La cosa assolutamente certa è che il pallio deve essere di lana. E di una lana particolarmente pura, bianca e trattata secondo regole antiche e precise. A cominciare dalle pecore.
La storia della Chiesa a Roma ci racconta che esattamente due agnellini erano la tassa che il Monastero di sant’Agnese sulla Nomentana pagava alla Basilica di San Giovanni in Laterano dove risiedeva il Papa. Quando il monastero femminile di Sant’Agnese fu chiuso, gli agnelli vennero donati da altri monasteri. Ma nel tragitto che in solenne processione, li portava in Laterano, si sostava sulla tomba della martire Agnese. Poi venivano portati alla monache di Santa Cecilia a Trastevere. Lì si lavorava la lana, si tesseva e si cucivano i paramenti. Una tradizione che protrasse per secoli.
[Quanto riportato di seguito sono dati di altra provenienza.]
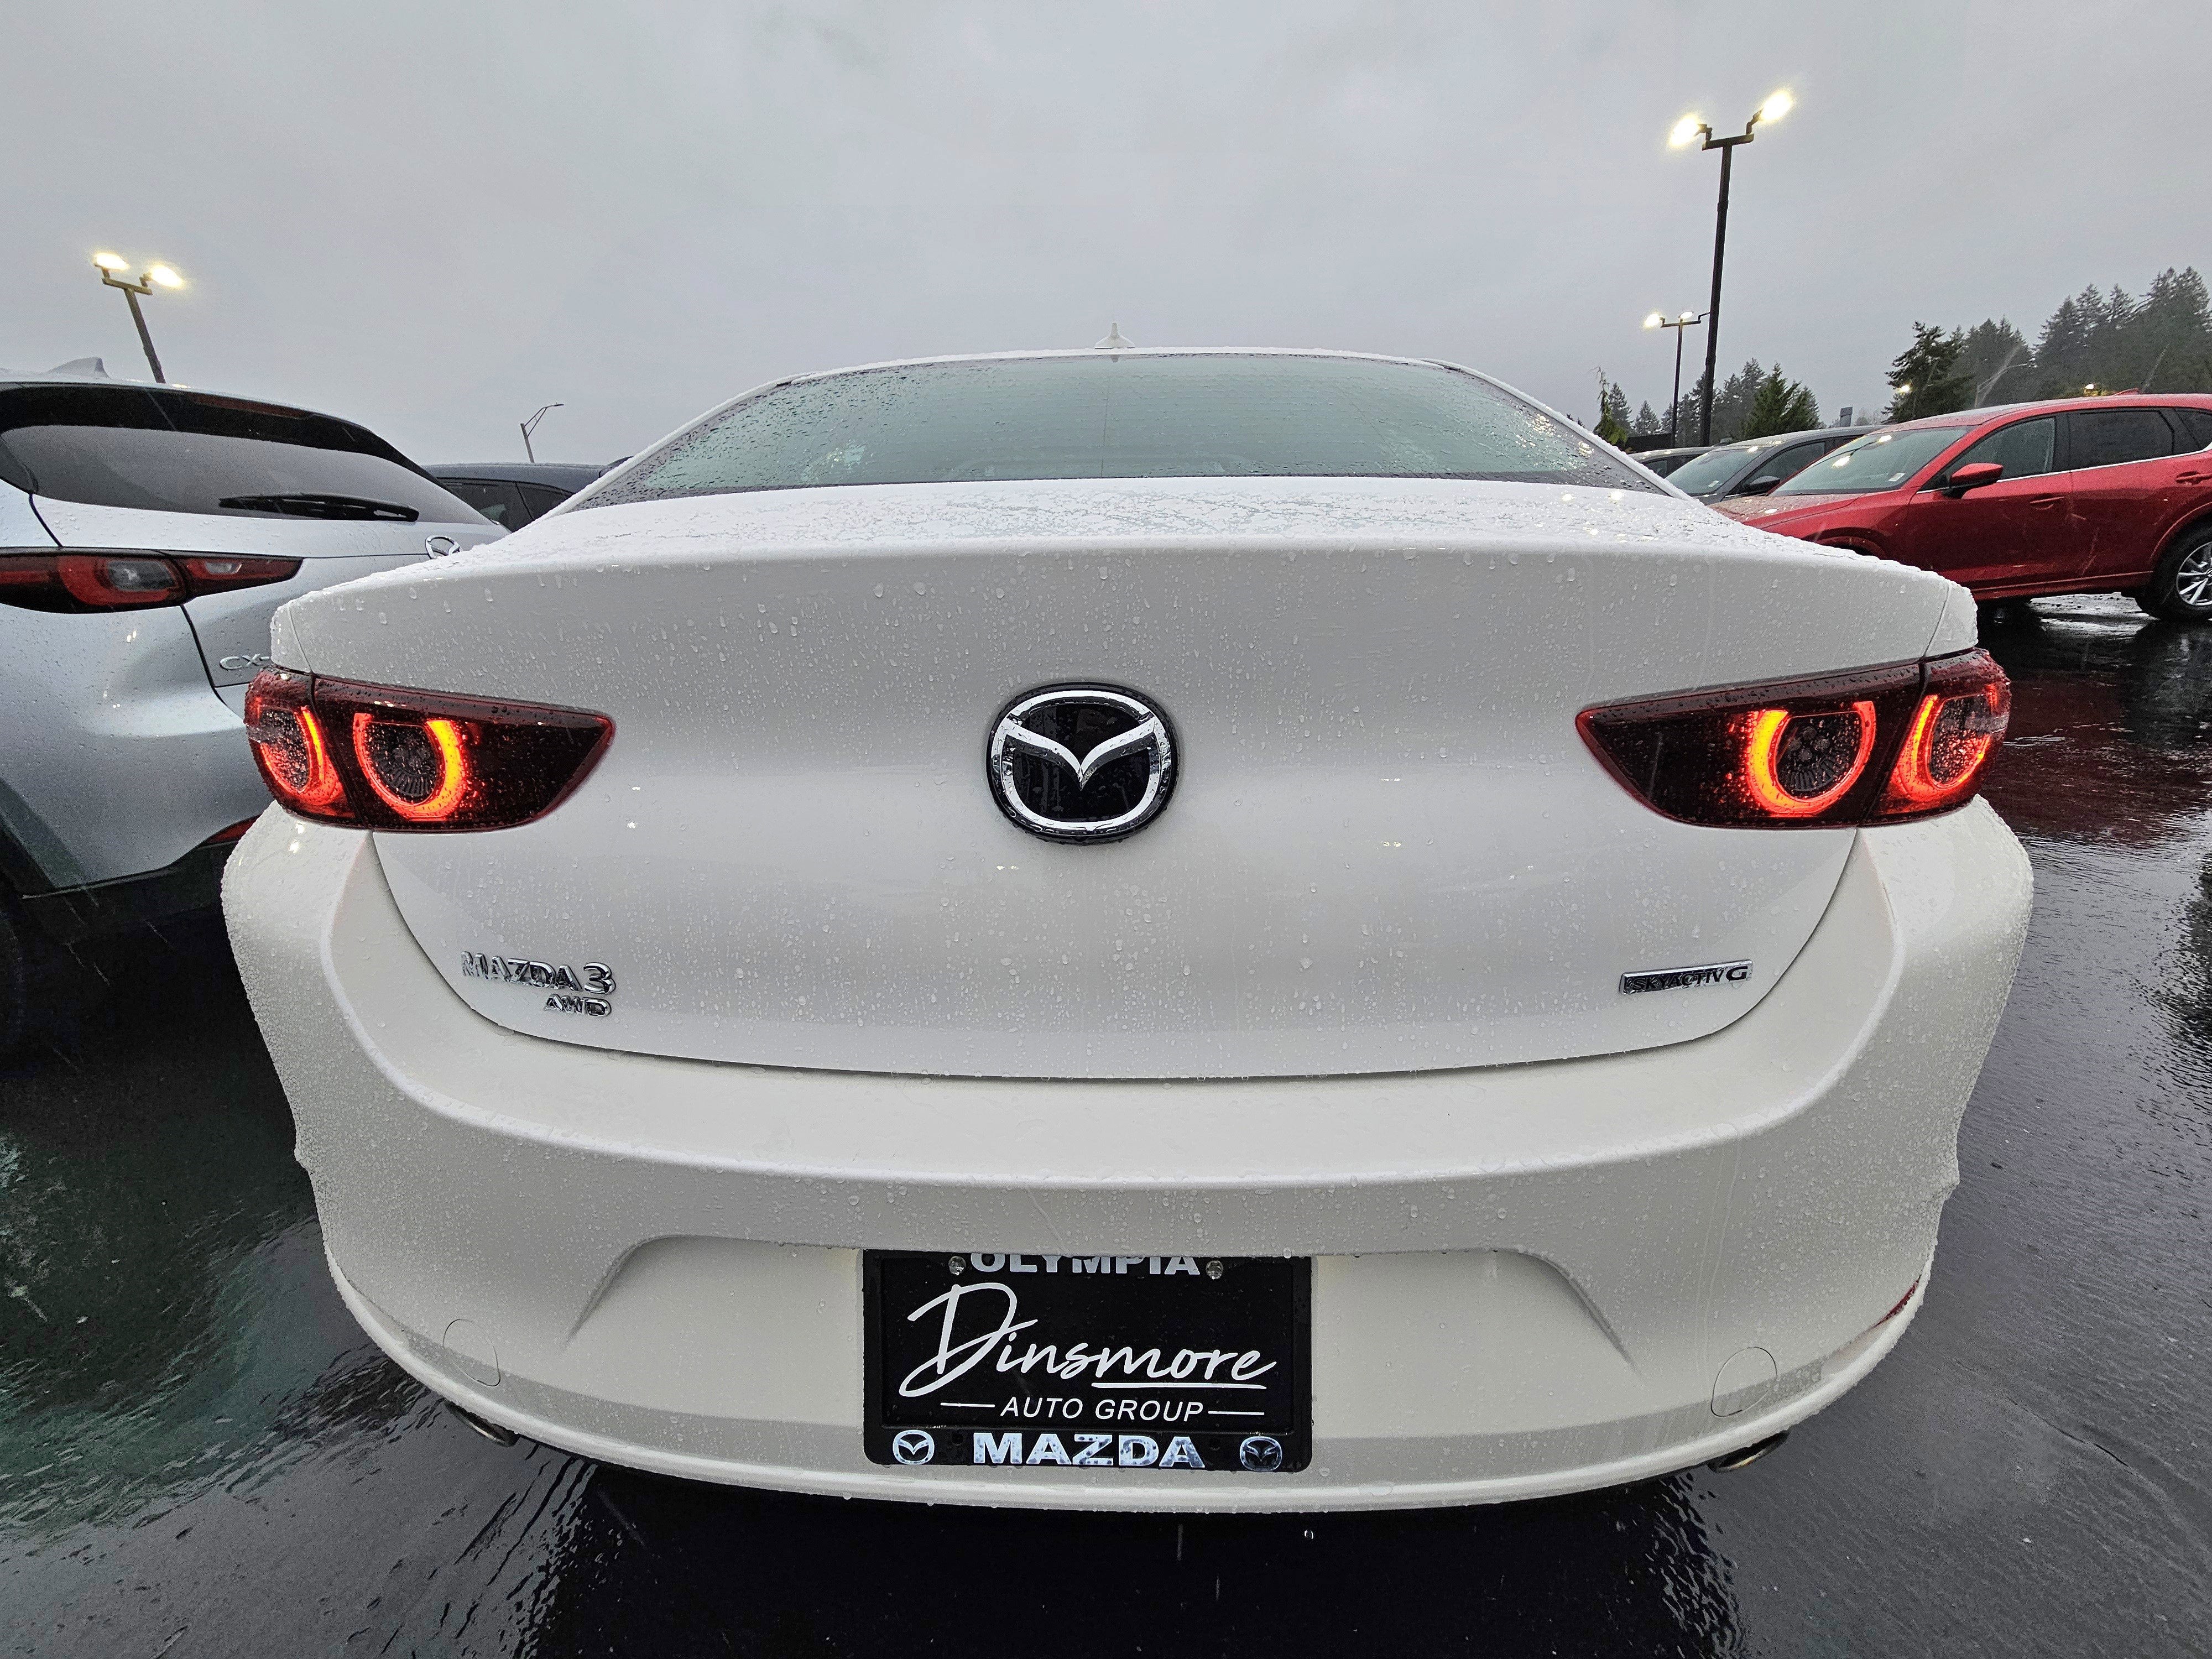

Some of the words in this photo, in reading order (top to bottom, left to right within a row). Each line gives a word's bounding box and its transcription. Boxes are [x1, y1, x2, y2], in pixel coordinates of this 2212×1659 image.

Dopo la presa di Porta Pia i beni della Chiesa furono espropriati e per qualche tempo fu addirittura il governo italiano a pagare le spese per gli agnellini, poi dal 1909 se ne occuparono i trappisti dell’Abbazia delle Tre Fontane a Roma.
Oggi gli agnellini, dopo la benedizione del papa, dal Vaticano arrivano a Trastevere accolti dal canto delle monache, lo stesso che per secoli accompagnava la processione per le strade di Roma.
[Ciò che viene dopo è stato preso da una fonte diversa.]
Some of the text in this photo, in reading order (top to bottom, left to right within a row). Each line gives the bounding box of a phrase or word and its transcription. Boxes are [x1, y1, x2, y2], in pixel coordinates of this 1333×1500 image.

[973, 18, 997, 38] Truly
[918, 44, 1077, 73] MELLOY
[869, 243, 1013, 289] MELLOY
Ma oggi non si lavora più la lana cona la cardatura e la filatura, e gli antichi telai sono poco usati. Le suore sono poche ed anziane. Ma sono sempre loro, con un tessuto di lana, a confezionare i pallii.
Il pallio ha avuto varie forme. Oggi a preso una forma molto stilizzato e sia il Papa che i vescovi hanno le croci nere.
Il 24 giugno, festa di San Giovanni Battista, uno dei patroni di Roma, i pallii vengono portati in Vaticano e restano davanti alla tomba di San Pietro fino alla messa del 29.
E’ allora che il Papa li dona solennemente ai vescovi metropoliti. Per volere di Papa Francesco sarà poi il nunzio apostolico ad imporli in diocesi con il popolo presente.
Appena eletto Benedetto XVI ne indossò uno che ricordava quelli dei primi secoli cristiani. Nel 2008 scelse una forma più stilizzata, ma diversa da quella del suo predecessore Giovanni Paolo II.
Quello indossato il primo giorno papa Ratzinger lo ha voluto posare sull’urna di papa Celestino V quando, il 28 aprile del 2009, si fermò davanti alle rovine della basilica di Collemaggio e alle tende dei terremotati dell’Aquila.